Il ne faudrait pas oublier quand même le poids du mécanisme de création monétaire et d’endettement public auprès des banques dans la catastrophe financière actuelle.
Se soumettre aux “marchés” comme on le fait depuis 1973 n’a pas été anodin.
Certes l’endettement public vient des politiques et de leur gabégie, mais le coût exorbitant de cet endettement vient aussi des profits juteux que les banques privées se sont faits sur le dos des peuples !
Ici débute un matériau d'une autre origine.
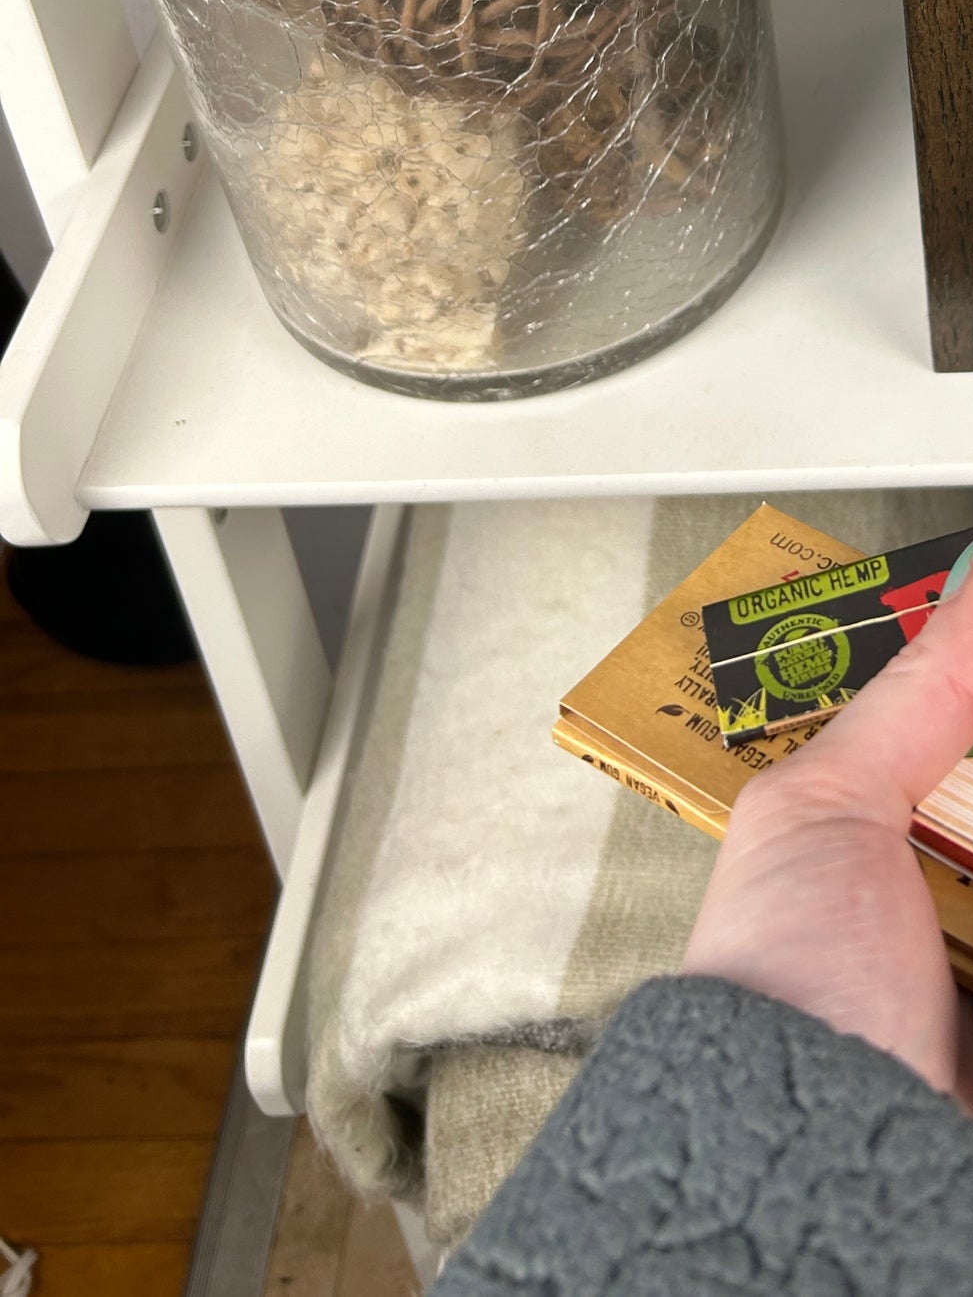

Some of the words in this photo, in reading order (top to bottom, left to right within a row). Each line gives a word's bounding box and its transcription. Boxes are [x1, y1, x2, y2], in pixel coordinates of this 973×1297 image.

Vous écrirez 100 fois : “Aucune dette publique n’est légitime, la monnaie n’est pas un bien public, celui qui ne rembourse pas sa dette est un voleur, celui qui prête doit toucher un juste intérêt”.
Ni loi de 73 ni la création monétaire n’ont à voir avec l’accumulation de la dette publique depuis toutes ces années. Si vous croyez ces fariboles, vous tombez dans le piège du bouc-émissaire qui vous évite d’avoir à réfléchir par vous-même.
Que serait les socialeux sans un bouc-émissaire. C’est toujours la faute à quelqu’un d’autre, il y a encore quelques temps, c’était les actionnaires et le CAC40, accusés de s’en mettre plein les fouilles, maintenant que les cours en bourse sont à la cave, le fauteur, c’est les banques.
D’ailleurs, l’EdNat leur inculque ce réflexe du “c’est pas moi m’dame” dès le plus jeune âge. Socialiser la responsabilité, voilà ce qu’on leur enseigne.